▸ EXERCISE DETAILS:
Exact repetition of the data is the whole task.

────────────────────────────────────────

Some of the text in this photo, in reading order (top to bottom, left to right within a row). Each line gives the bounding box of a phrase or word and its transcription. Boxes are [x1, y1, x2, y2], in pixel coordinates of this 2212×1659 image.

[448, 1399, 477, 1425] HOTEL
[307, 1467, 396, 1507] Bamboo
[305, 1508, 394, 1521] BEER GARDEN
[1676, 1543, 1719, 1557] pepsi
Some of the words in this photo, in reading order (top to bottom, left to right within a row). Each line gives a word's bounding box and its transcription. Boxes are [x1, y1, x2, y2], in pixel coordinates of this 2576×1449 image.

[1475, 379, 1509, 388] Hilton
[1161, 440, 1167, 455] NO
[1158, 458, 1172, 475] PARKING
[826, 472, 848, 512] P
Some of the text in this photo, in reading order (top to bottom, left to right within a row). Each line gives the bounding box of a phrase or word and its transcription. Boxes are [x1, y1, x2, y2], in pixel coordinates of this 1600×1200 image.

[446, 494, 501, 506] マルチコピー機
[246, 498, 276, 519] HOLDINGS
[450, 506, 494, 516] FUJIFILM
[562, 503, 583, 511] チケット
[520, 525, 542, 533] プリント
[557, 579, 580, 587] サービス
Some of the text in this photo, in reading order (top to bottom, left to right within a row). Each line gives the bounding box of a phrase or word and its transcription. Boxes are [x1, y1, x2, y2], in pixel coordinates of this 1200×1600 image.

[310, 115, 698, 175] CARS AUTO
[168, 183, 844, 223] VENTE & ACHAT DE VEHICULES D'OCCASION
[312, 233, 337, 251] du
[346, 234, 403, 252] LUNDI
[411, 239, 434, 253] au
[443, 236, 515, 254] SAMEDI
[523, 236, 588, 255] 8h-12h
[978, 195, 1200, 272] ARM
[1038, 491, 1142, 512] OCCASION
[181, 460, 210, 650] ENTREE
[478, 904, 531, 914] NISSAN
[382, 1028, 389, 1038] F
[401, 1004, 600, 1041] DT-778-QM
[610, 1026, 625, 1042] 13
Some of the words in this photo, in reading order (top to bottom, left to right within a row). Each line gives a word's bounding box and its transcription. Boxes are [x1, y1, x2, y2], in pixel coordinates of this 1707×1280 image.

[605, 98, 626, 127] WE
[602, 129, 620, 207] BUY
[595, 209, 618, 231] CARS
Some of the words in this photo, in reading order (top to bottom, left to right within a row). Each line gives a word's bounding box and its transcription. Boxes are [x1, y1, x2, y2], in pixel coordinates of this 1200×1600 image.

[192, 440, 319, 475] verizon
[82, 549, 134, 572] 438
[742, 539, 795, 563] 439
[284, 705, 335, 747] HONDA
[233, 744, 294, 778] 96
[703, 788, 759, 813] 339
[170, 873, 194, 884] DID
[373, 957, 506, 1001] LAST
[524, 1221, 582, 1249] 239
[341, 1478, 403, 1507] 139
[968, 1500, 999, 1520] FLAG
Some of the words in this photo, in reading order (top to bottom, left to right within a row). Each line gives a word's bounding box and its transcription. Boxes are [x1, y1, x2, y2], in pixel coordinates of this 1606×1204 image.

────────────────────────────────────────

▸ TASK SOLUTION:
Some of the text in this photo, in reading order (top to bottom, left to right within a row). Each line gives the bounding box of a phrase or word and its transcription. Boxes are [x1, y1, x2, y2], in pixel coordinates of this 2212×1659 image.

[448, 1399, 477, 1425] HOTEL
[307, 1467, 396, 1507] Bamboo
[305, 1508, 394, 1521] BEER GARDEN
[1676, 1543, 1719, 1557] pepsi
Some of the words in this photo, in reading order (top to bottom, left to right within a row). Each line gives a word's bounding box and its transcription. Boxes are [x1, y1, x2, y2], in pixel coordinates of this 2576×1449 image.

[1475, 379, 1509, 388] Hilton
[1161, 440, 1167, 455] NO
[1158, 458, 1172, 475] PARKING
[826, 472, 848, 512] P
Some of the text in this photo, in reading order (top to bottom, left to right within a row). Each line gives the bounding box of a phrase or word and its transcription. Boxes are [x1, y1, x2, y2], in pixel coordinates of this 1600×1200 image.

[446, 494, 501, 506] マルチコピー機
[246, 498, 276, 519] HOLDINGS
[450, 506, 494, 516] FUJIFILM
[562, 503, 583, 511] チケット
[520, 525, 542, 533] プリント
[557, 579, 580, 587] サービス
Some of the text in this photo, in reading order (top to bottom, left to right within a row). Each line gives the bounding box of a phrase or word and its transcription. Boxes are [x1, y1, x2, y2], in pixel coordinates of this 1200×1600 image.

[310, 115, 698, 175] CARS AUTO
[168, 183, 844, 223] VENTE & ACHAT DE VEHICULES D'OCCASION
[312, 233, 337, 251] du
[346, 234, 403, 252] LUNDI
[411, 239, 434, 253] au
[443, 236, 515, 254] SAMEDI
[523, 236, 588, 255] 8h-12h
[978, 195, 1200, 272] ARM
[1038, 491, 1142, 512] OCCASION
[181, 460, 210, 650] ENTREE
[478, 904, 531, 914] NISSAN
[382, 1028, 389, 1038] F
[401, 1004, 600, 1041] DT-778-QM
[610, 1026, 625, 1042] 13
Some of the words in this photo, in reading order (top to bottom, left to right within a row). Each line gives a word's bounding box and its transcription. Boxes are [x1, y1, x2, y2], in pixel coordinates of this 1707×1280 image.

[605, 98, 626, 127] WE
[602, 129, 620, 207] BUY
[595, 209, 618, 231] CARS
Some of the words in this photo, in reading order (top to bottom, left to right within a row). Each line gives a word's bounding box and its transcription. Boxes are [x1, y1, x2, y2], in pixel coordinates of this 1200×1600 image.

[192, 440, 319, 475] verizon
[82, 549, 134, 572] 438
[742, 539, 795, 563] 439
[284, 705, 335, 747] HONDA
[233, 744, 294, 778] 96
[703, 788, 759, 813] 339
[170, 873, 194, 884] DID
[373, 957, 506, 1001] LAST
[524, 1221, 582, 1249] 239
[341, 1478, 403, 1507] 139
[968, 1500, 999, 1520] FLAG
Some of the words in this photo, in reading order (top to bottom, left to right within a row). Each line gives a word's bounding box and its transcription. Boxes are [x1, y1, x2, y2], in pixel coordinates of this 1606×1204 image.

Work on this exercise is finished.